Giraffes are heading towards a "silent extinction" with numbers plunging 40% over the last 30 years, conservationists have warned.

It has been moved up two steps to the "vulnerable" level of the official Red List of Threatened Species.

Experts said the fall is largely down to habitat loss, while other factors include illegal hunting and disease.

There were 97,562 giraffes in 2015, down from between 151,000 and 163,000 in 1985, according to the International Union for the Conservation of Nature (IUCN).

The organisation increased the threat level to the giraffe and 34 other species at a meeting in Mexico.

Julian Fennessy, co-chair of the group that put the species on the list, said people moving into areas occupied by giraffes was the main reason for their decline.

The problem is worst in central and eastern Africa, but it is being offset somewhat by increases in southern Africa, Mr Fennessy said.

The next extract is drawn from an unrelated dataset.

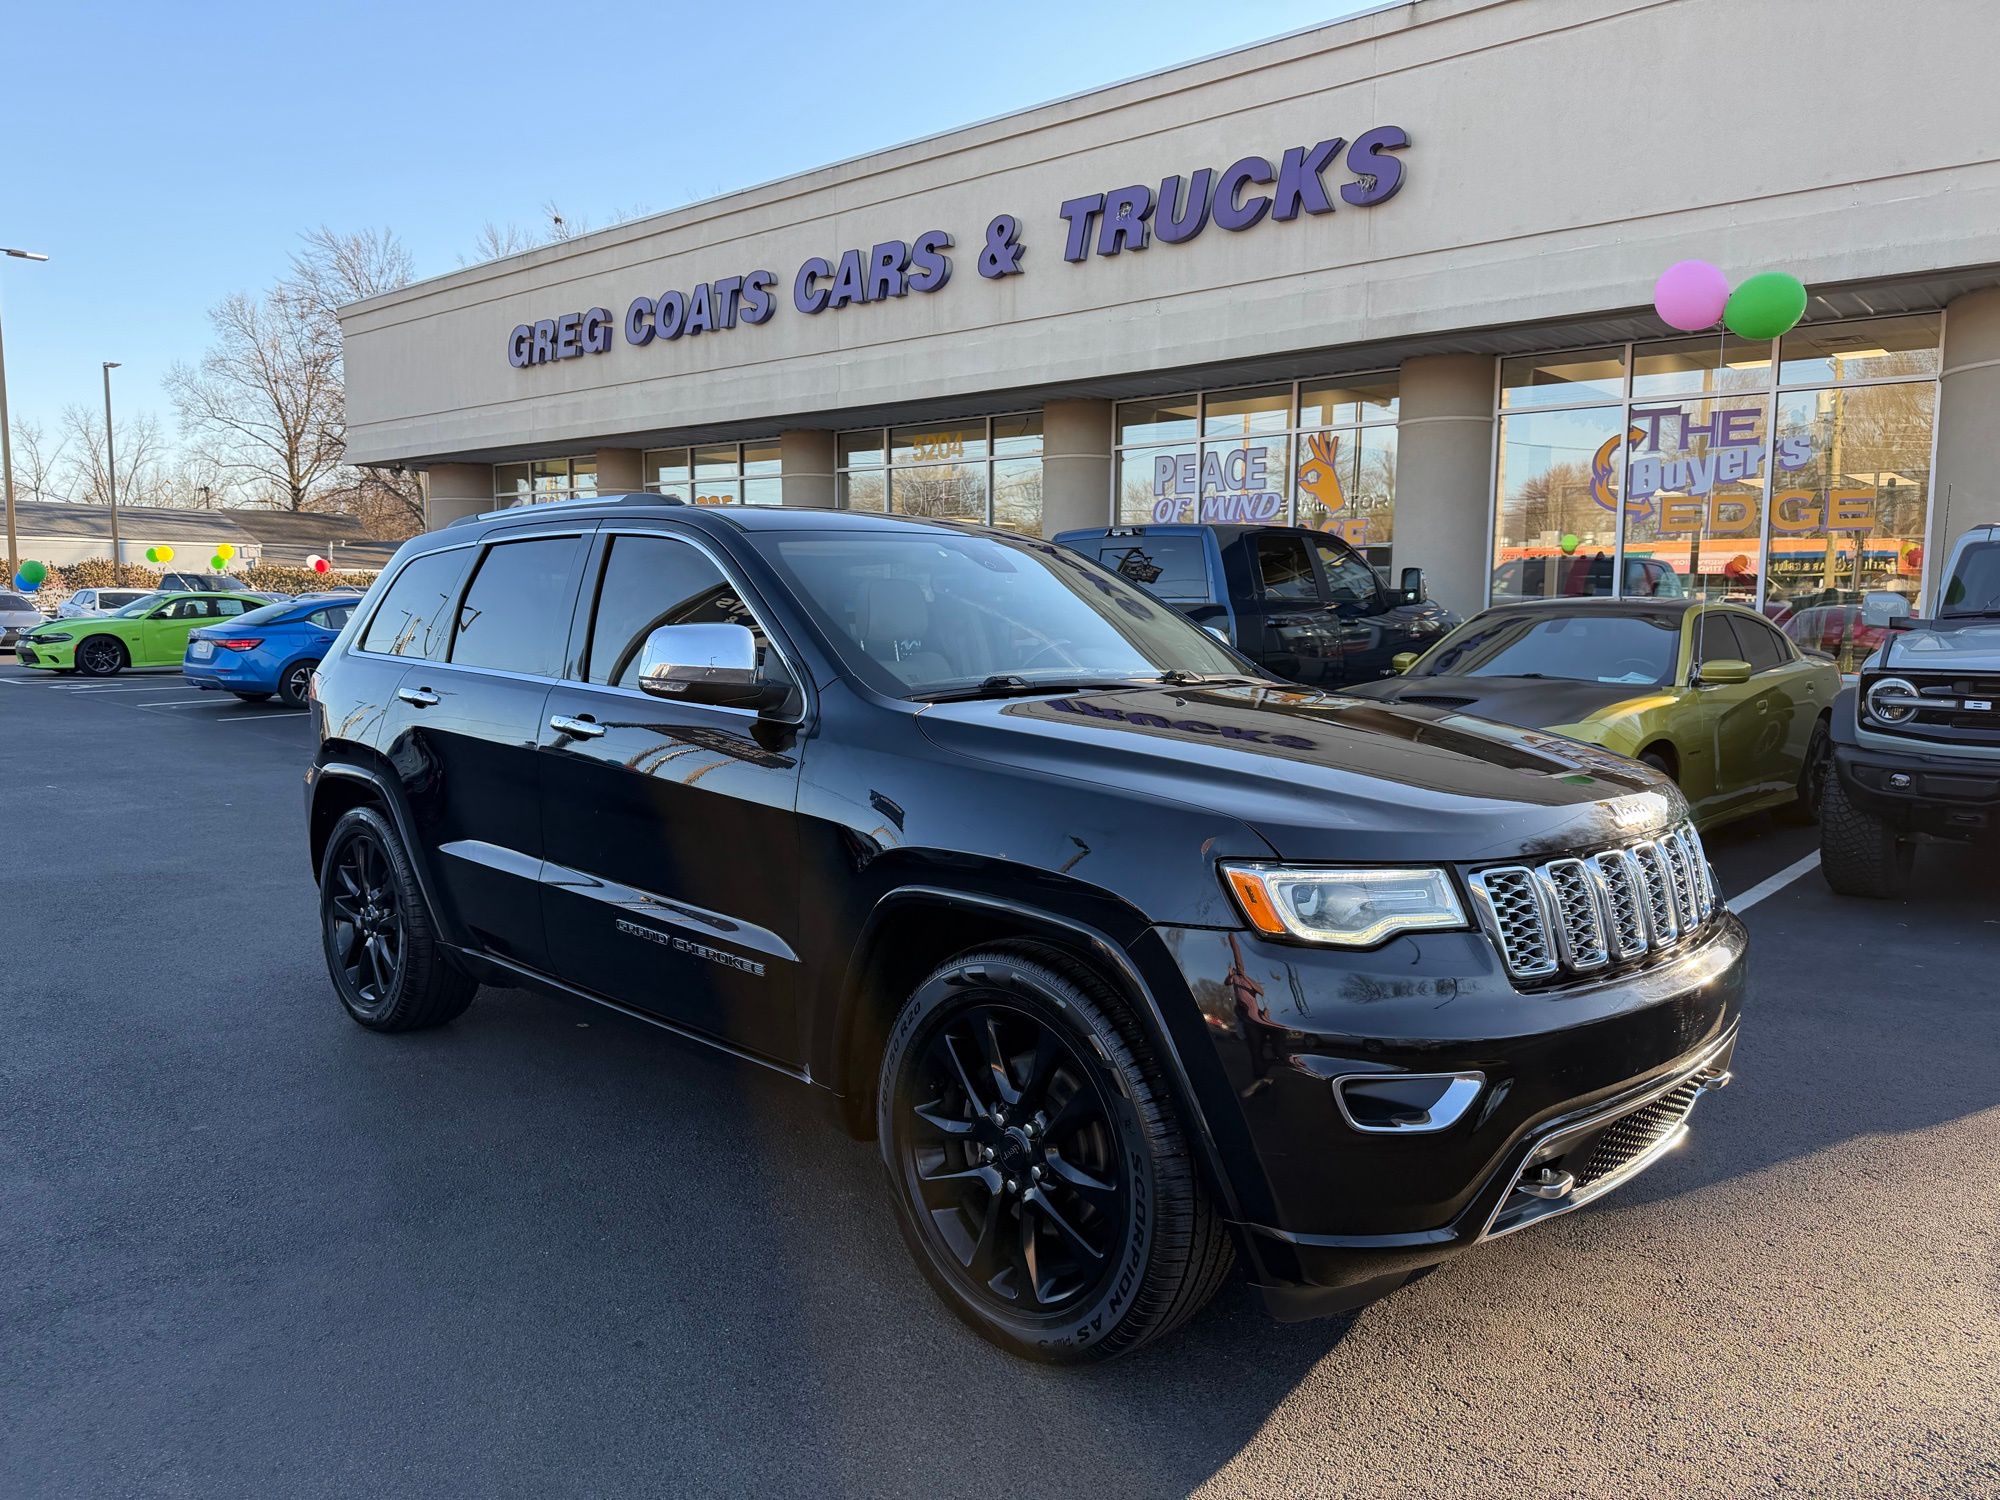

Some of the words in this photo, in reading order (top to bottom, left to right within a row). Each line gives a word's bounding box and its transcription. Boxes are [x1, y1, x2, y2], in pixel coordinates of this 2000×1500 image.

Giraffes have now disappeared from Burkina Faso, Eritrea, Guinea, Malawi, Mauritania, Nigeria and Senegal, said Noelle Kumpel from the Zoological Society of London - who also advised on increasing the threat level.

"There's a strong tendency to think that familiar species must be okay because they are familiar and we see them in zoos ... This is dangerous," added Duke University conservation biologist Stuart Pimm.

The IUCN said 860 plant and animal species are now extinct as it classed nearly 13,000 as endangered or critically endangered.

The next level is vulnerable, where giraffes are now placed, followed by near threatened and least concerned.

More than 700 newly recognised bird species were also assessed for the Red List, with more than one in 10 found to be at risk of dying out.

IUCN director general Inger Anderson said: "Many species are slipping away before we can even describe them.

"This IUCN Red List update shows that the scale of the global extinction crisis may be even greater than we thought."